THE TASK: Print out the data exactly, keeping every image out of it.

### GIVEN DATA ###

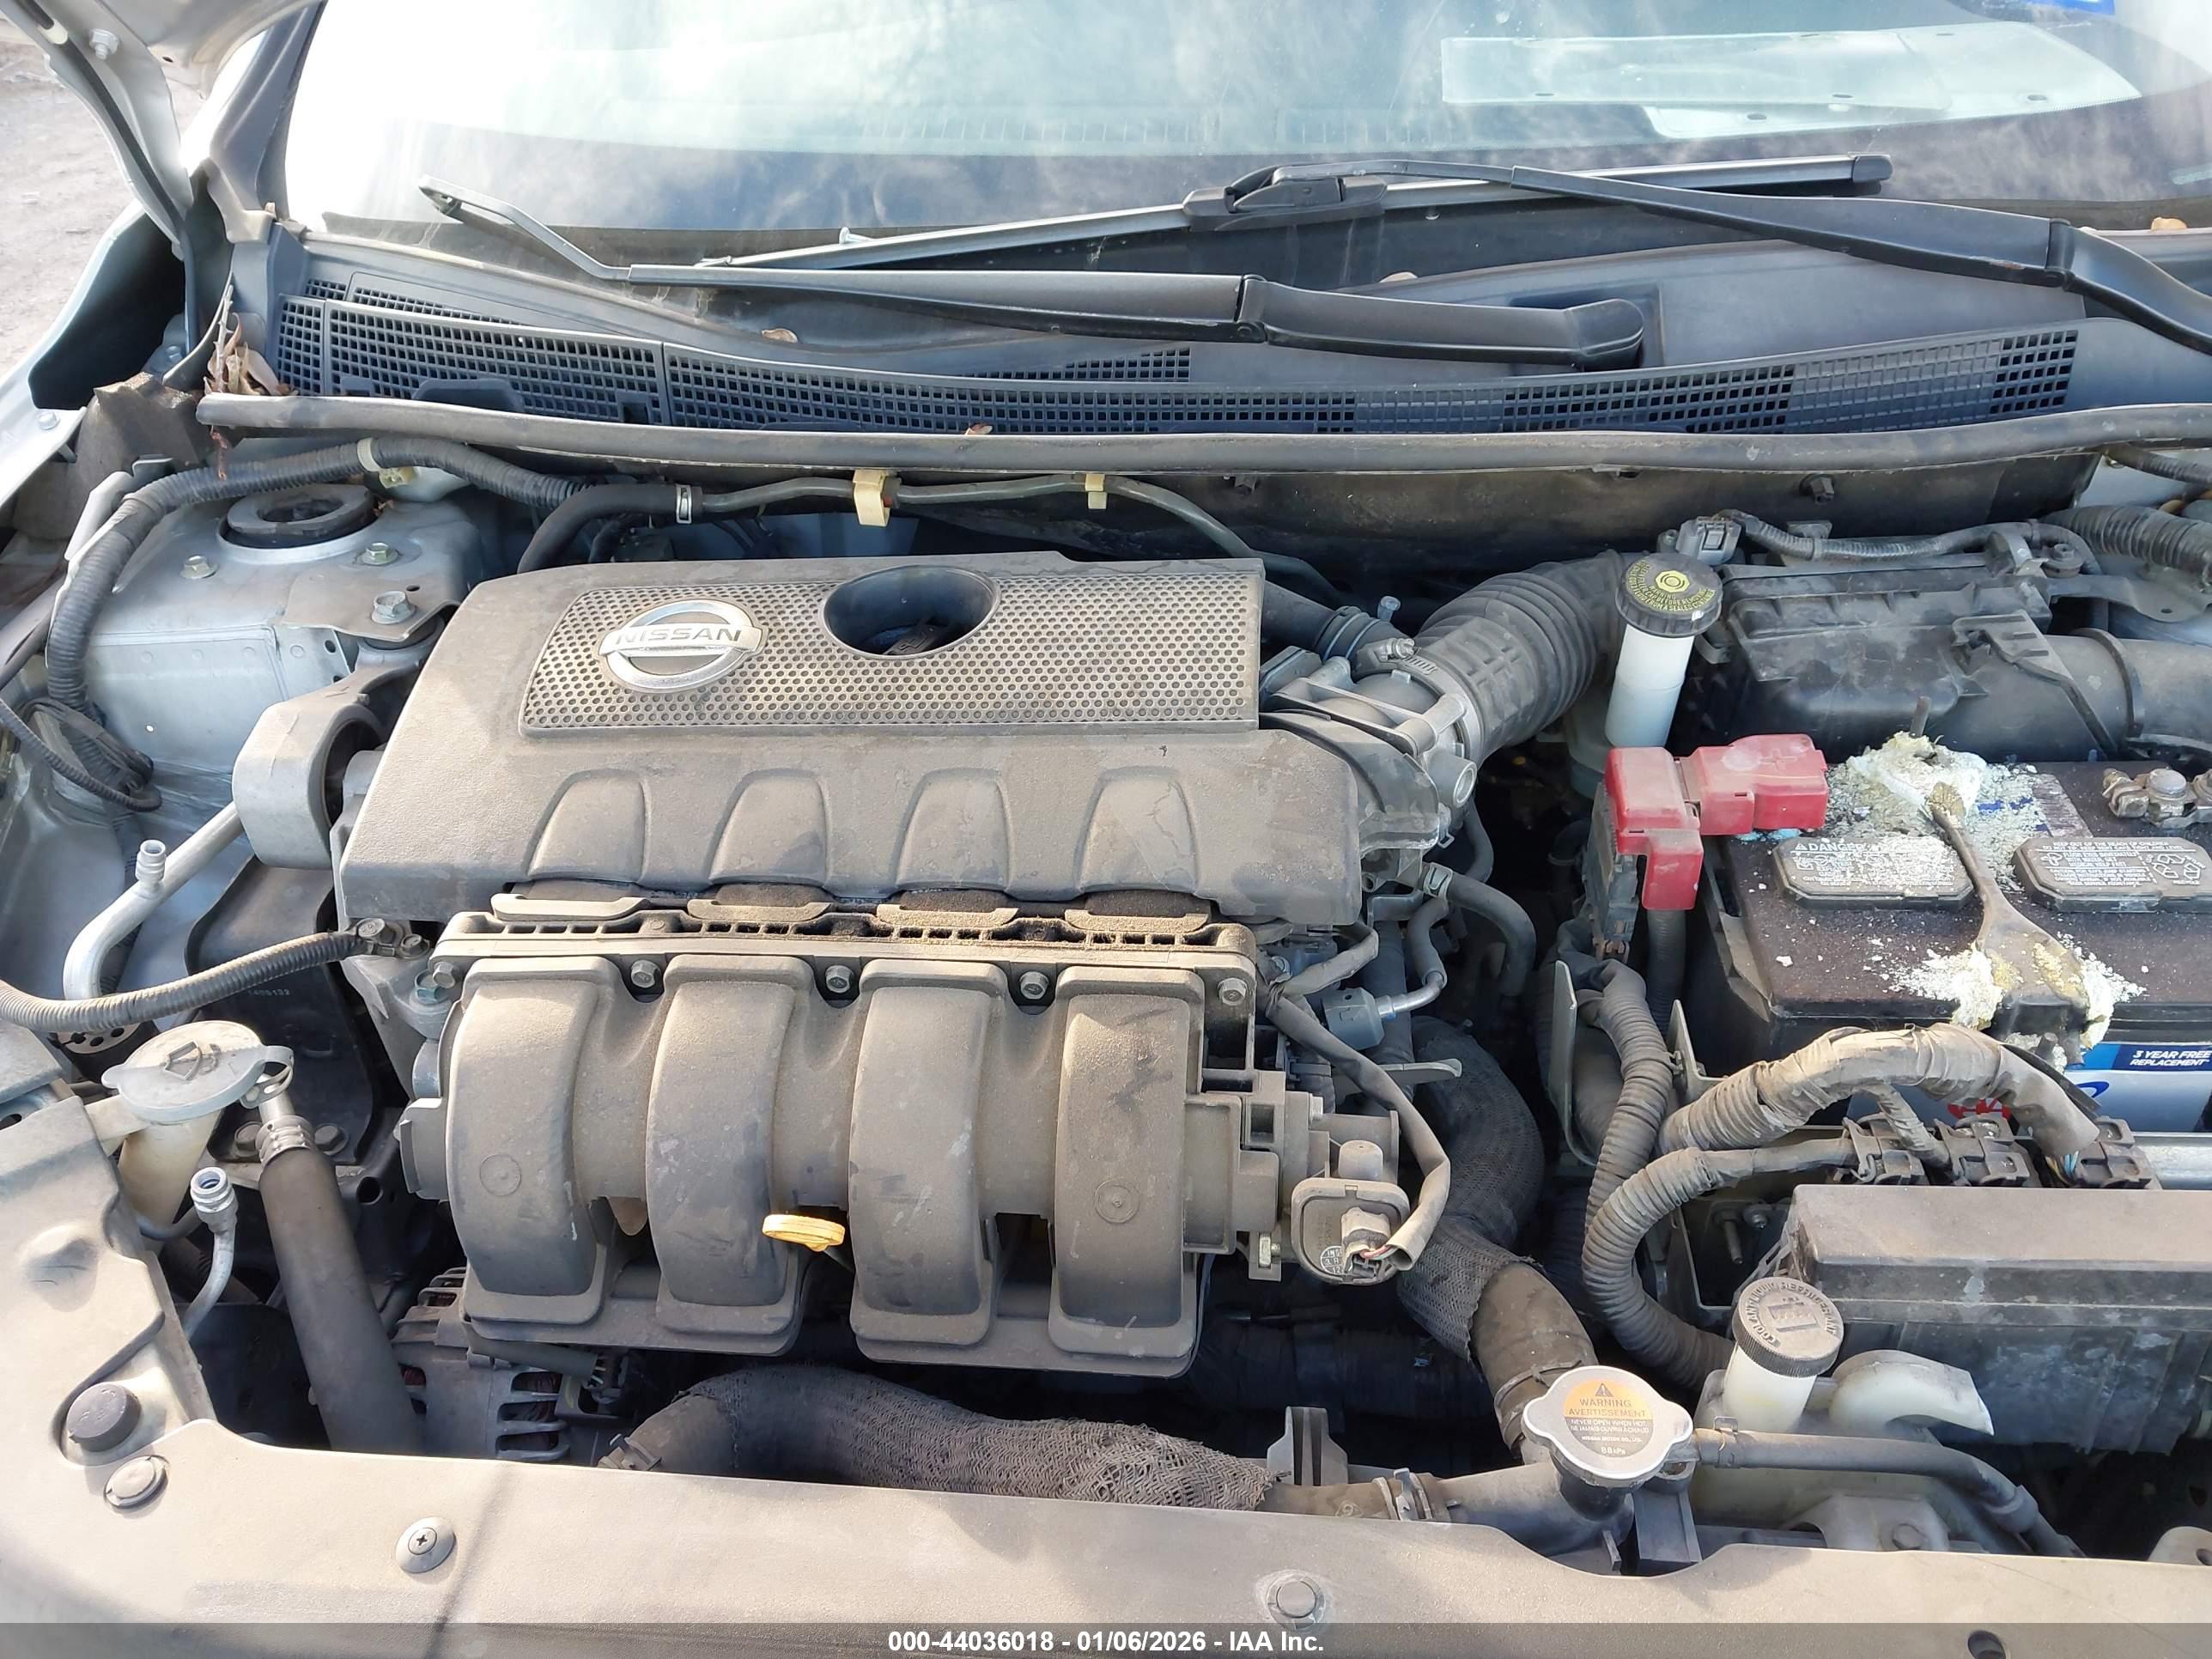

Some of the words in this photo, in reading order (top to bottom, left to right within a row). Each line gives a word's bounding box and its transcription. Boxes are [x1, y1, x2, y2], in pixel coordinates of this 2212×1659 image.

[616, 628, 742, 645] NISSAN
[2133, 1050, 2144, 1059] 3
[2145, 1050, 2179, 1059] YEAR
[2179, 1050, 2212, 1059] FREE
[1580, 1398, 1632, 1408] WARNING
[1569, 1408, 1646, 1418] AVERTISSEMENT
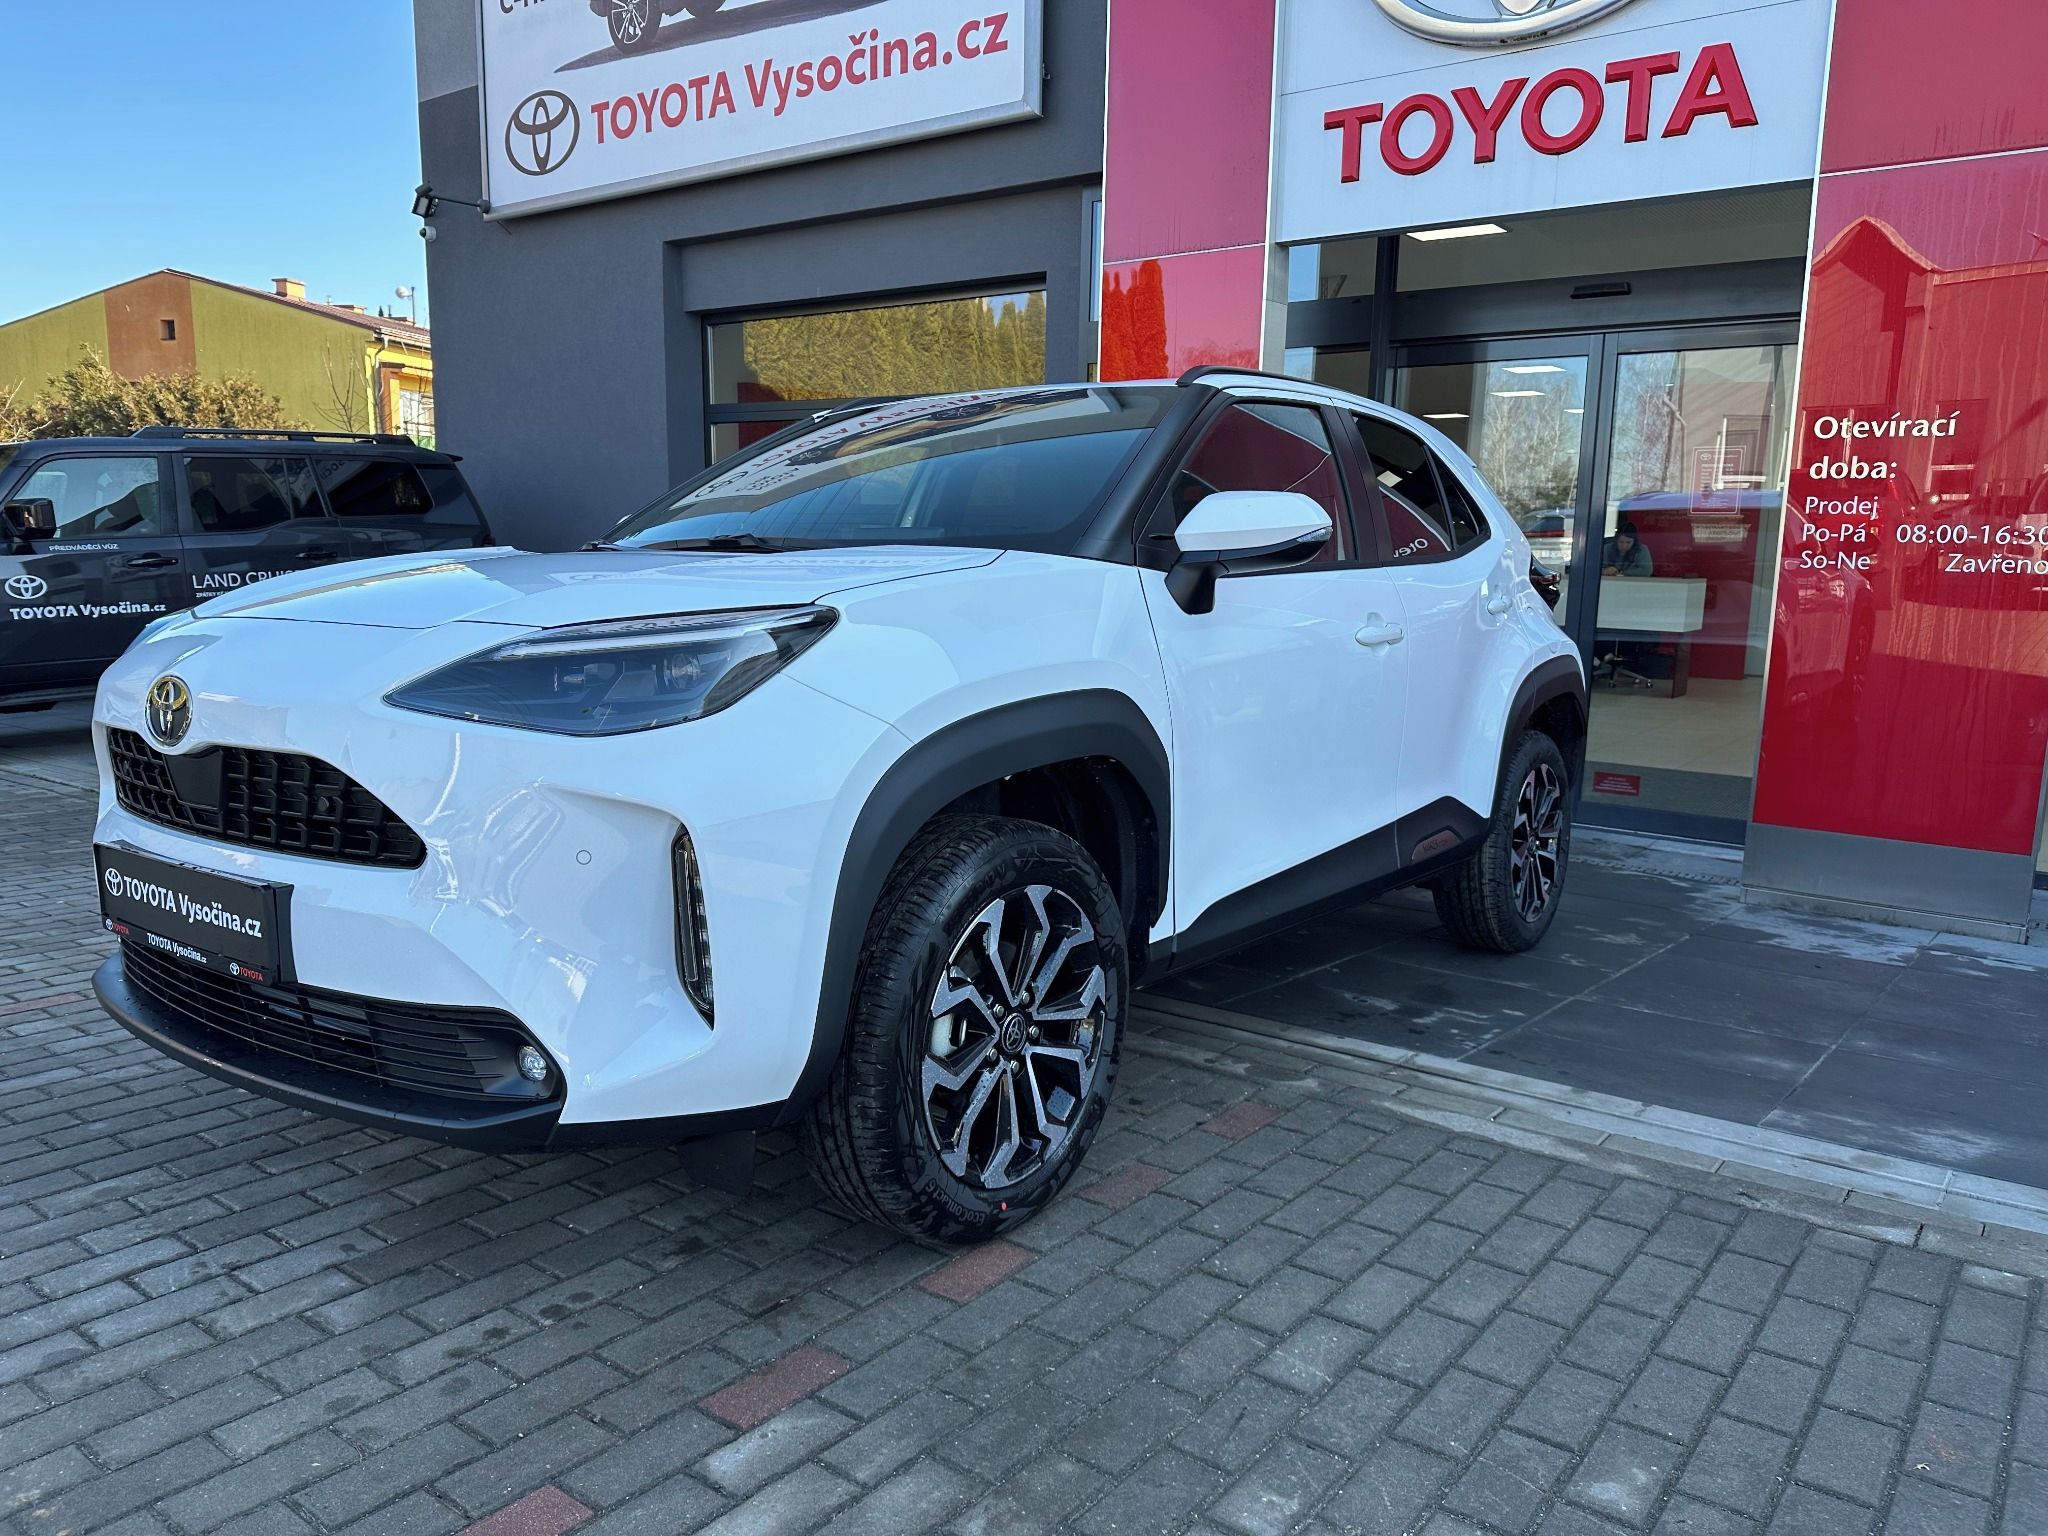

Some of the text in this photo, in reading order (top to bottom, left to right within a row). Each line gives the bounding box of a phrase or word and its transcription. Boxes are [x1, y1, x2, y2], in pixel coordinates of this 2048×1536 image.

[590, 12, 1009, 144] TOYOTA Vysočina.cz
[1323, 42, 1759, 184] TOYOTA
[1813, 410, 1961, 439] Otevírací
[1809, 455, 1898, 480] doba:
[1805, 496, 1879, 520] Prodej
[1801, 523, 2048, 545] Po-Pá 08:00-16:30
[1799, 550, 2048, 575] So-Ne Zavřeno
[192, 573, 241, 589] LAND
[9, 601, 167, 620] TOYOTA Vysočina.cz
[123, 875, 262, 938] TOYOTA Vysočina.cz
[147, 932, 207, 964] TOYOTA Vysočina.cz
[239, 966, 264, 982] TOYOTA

###

EXERCISE OUTPUT:
Some of the words in this photo, in reading order (top to bottom, left to right within a row). Each line gives a word's bounding box and its transcription. Boxes are [x1, y1, x2, y2], in pixel coordinates of this 2212×1659 image.

[616, 628, 742, 645] NISSAN
[2133, 1050, 2144, 1059] 3
[2145, 1050, 2179, 1059] YEAR
[2179, 1050, 2212, 1059] FREE
[1580, 1398, 1632, 1408] WARNING
[1569, 1408, 1646, 1418] AVERTISSEMENT

Some of the text in this photo, in reading order (top to bottom, left to right within a row). Each line gives the bounding box of a phrase or word and its transcription. Boxes are [x1, y1, x2, y2], in pixel coordinates of this 2048×1536 image.

[590, 12, 1009, 144] TOYOTA Vysočina.cz
[1323, 42, 1759, 184] TOYOTA
[1813, 410, 1961, 439] Otevírací
[1809, 455, 1898, 480] doba:
[1805, 496, 1879, 520] Prodej
[1801, 523, 2048, 545] Po-Pá 08:00-16:30
[1799, 550, 2048, 575] So-Ne Zavřeno
[192, 573, 241, 589] LAND
[9, 601, 167, 620] TOYOTA Vysočina.cz
[123, 875, 262, 938] TOYOTA Vysočina.cz
[147, 932, 207, 964] TOYOTA Vysočina.cz
[239, 966, 264, 982] TOYOTA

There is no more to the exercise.